L&T: In the Lens Lab


Not All Kids' Stuff

Not All Kids’ Stuff

Testing the safety of children’s frames

By John Young

Licensing and branding is used to market products via consumer trust. That motive drives branding in all eyewear and it takes on special meaning when it comes to selling eyewear to children. But should that trust extend to the virtues of eyewear licensed in the name of those brands? On that note everyone involved in the selling of eyewear to children needs to be concerned with the safety of such frames.

As part of a special 20/20 magazine investigation, we tested the quality and safety of several popular children’s frames here at COLTS Laboratories. Seventeen popular models representing four manufacturers were used in the test. In the interest of confidentiality, the manufacturers’ names will not be mentioned, (they will be represented as A,B, C and D) nor will their frames be seen in photos used in the article. Our task was not to rank specific frames in the market based on their safety and quality, but to evaluate whether the frames our industry produces for children generally meet the safety needs of their wearers.

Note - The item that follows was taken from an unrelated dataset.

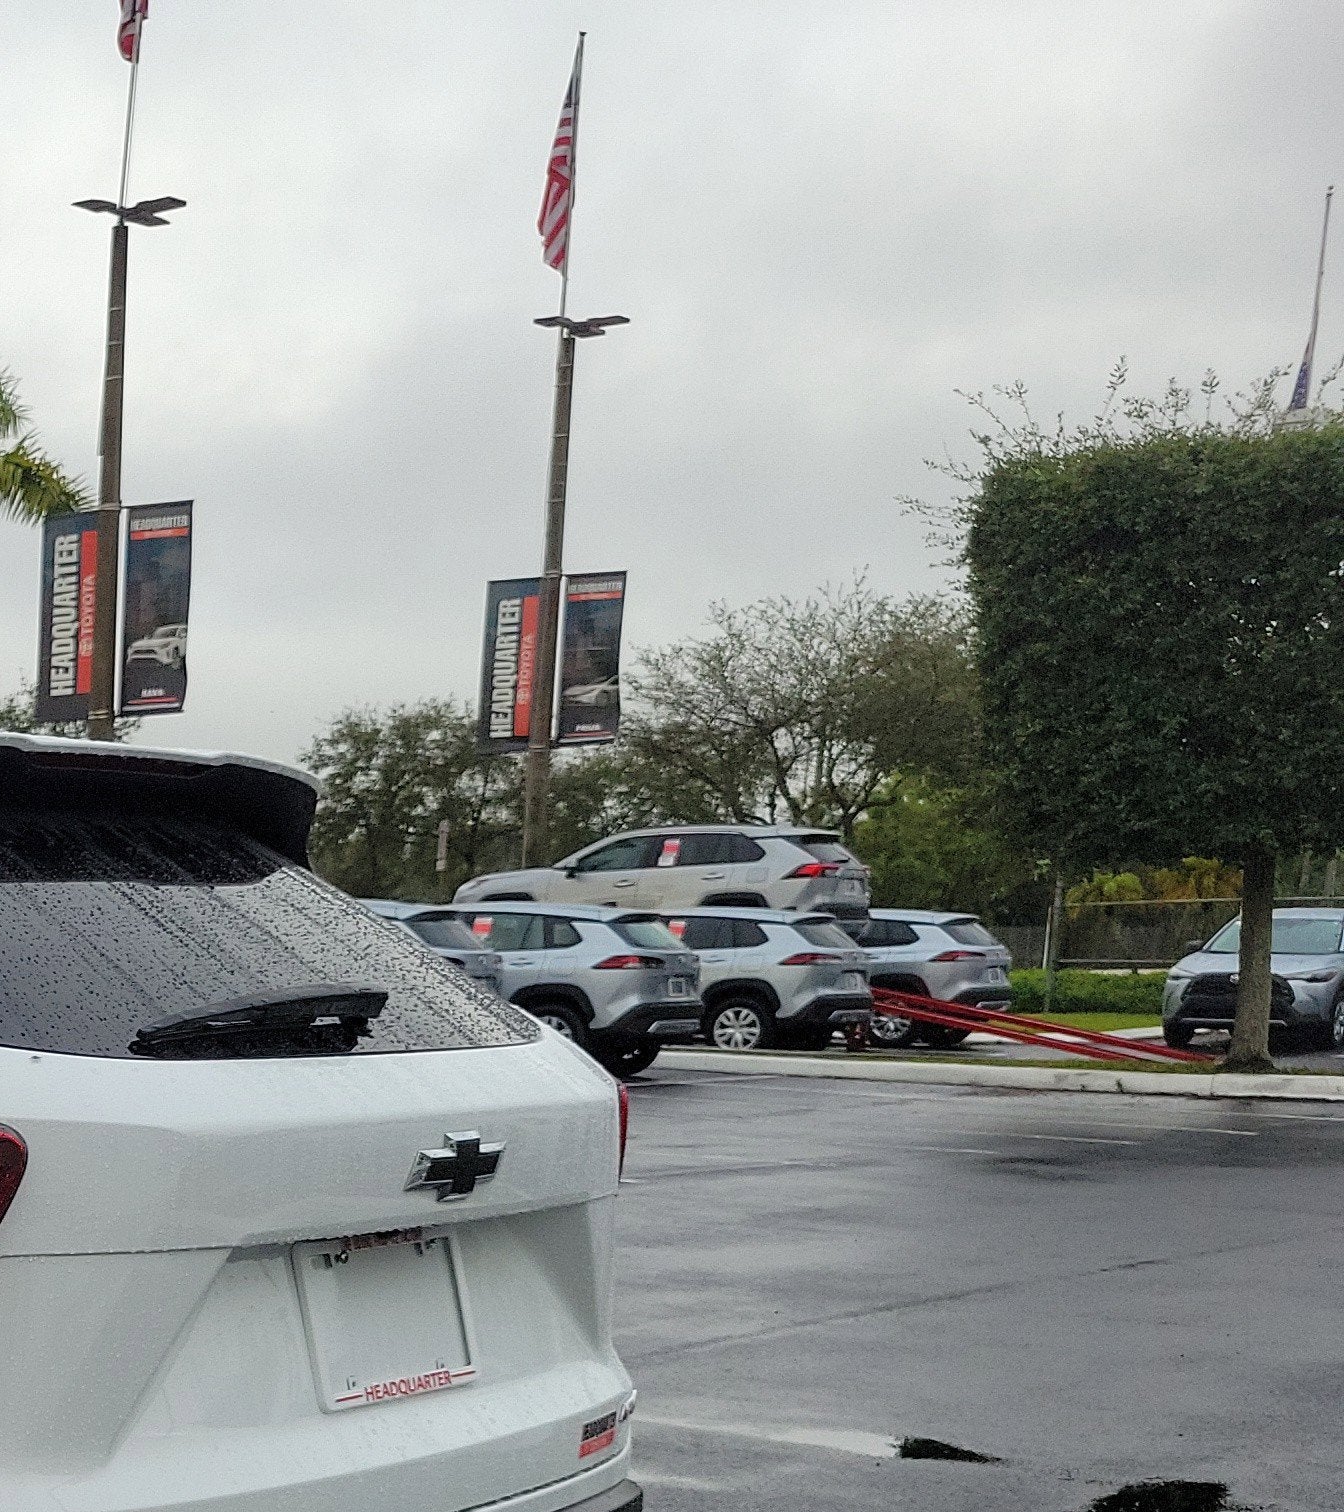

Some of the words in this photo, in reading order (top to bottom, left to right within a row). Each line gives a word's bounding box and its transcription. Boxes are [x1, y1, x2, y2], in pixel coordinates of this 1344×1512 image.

[49, 532, 81, 698] HEADQUARTER
[489, 598, 522, 739] HEADQUARTER
[364, 1370, 452, 1402] HEADQUARTER

The tests we conducted are used commonly in the evaluation of safety and durability in both the U.S. and Europe (cosmetic inspection, high-mass impact, high-velocity impact, corrosion, artificial perspiration, endurance, UV exposure and flammability). The “High-Mass” and “High-Velocity” impact tests we used are found in the American National Standards Institute (ANSI) Z87.1, which is the eye and face protection standard adopted by Occupational Safety and Health Administration for the workplace environment.

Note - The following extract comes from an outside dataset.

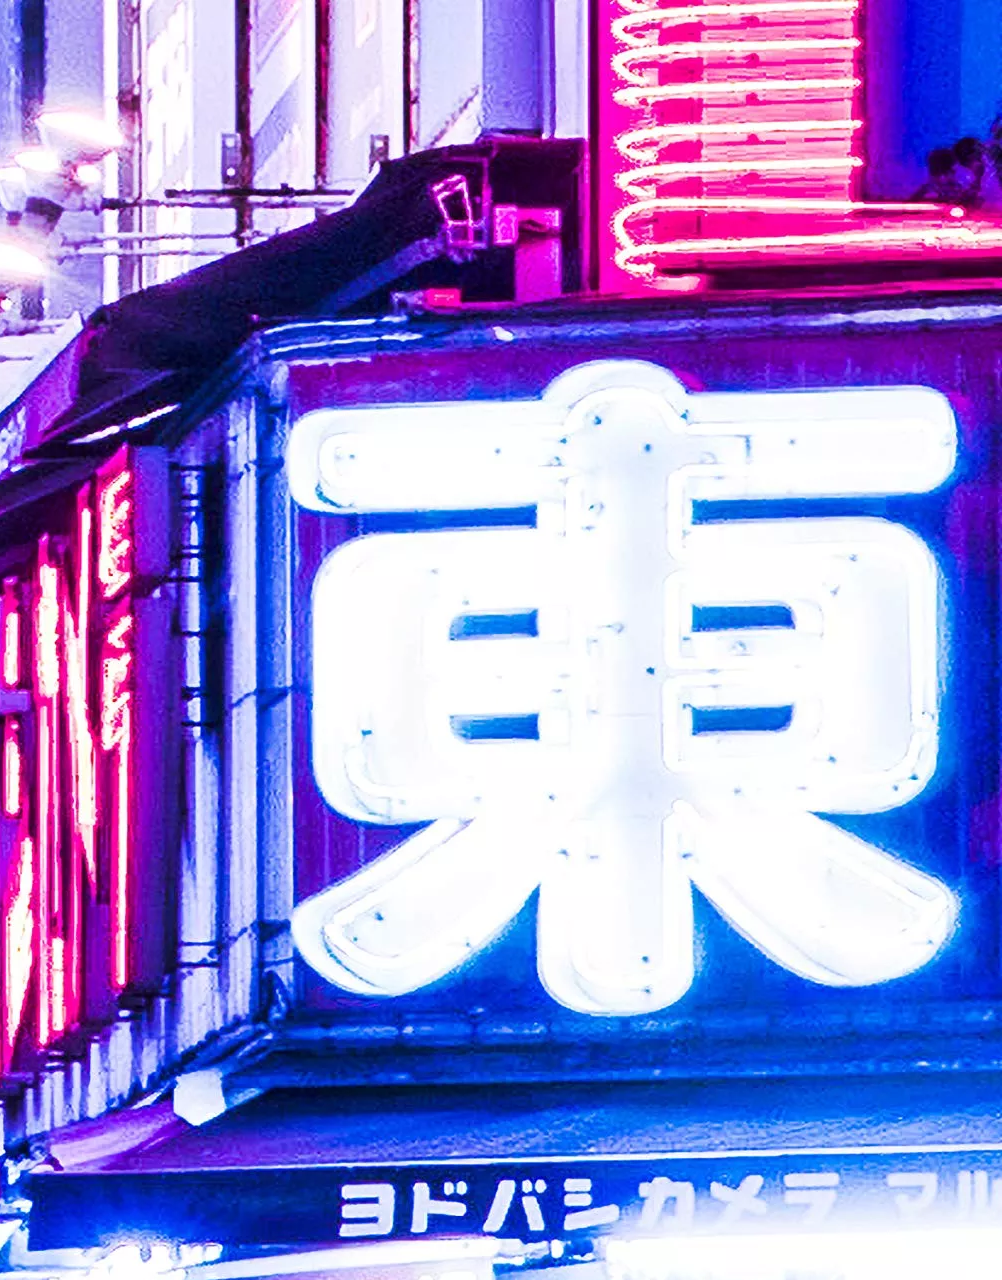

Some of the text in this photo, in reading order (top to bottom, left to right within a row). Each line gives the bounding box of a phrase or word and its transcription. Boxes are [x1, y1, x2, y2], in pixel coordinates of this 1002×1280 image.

[288, 359, 957, 1015] 東
[338, 1172, 840, 1237] ヨドバシカメラ

Safety is always a main concern when fitting children’s eyewear, which is why polycarbonate and Trivex lenses are recommended heavily for younger patients (see the Lens Choices feature in this issue). Of course, we cannot expect a frame to stop a projectile by itself. The lens is supposed to do that job. However, it is equally important that the lens stay in the frame during impact. That is part of what we tested here.

While our tests for this report focused on the frames, we did find an interesting issue with the lenses used in children’s eyewear. Most polycarbonate lenses for children’s frames are dispensed with center thicknesses (CTs) of 1.5mm. In our tests we found the “High-Mass” projectile penetrated lenses at this thickness. This lens would not meet ANSI Z87.1 safety standards, even if the frame it’s in does. Even though there is no requirement for fitting kids frames with 2.0mm CT polycarbonate lenses, it certainly makes sense to offer children and adolescents as much protection for their eyes as possible. (We didn’t get information for Trivex due to the limited number of frames in this study.)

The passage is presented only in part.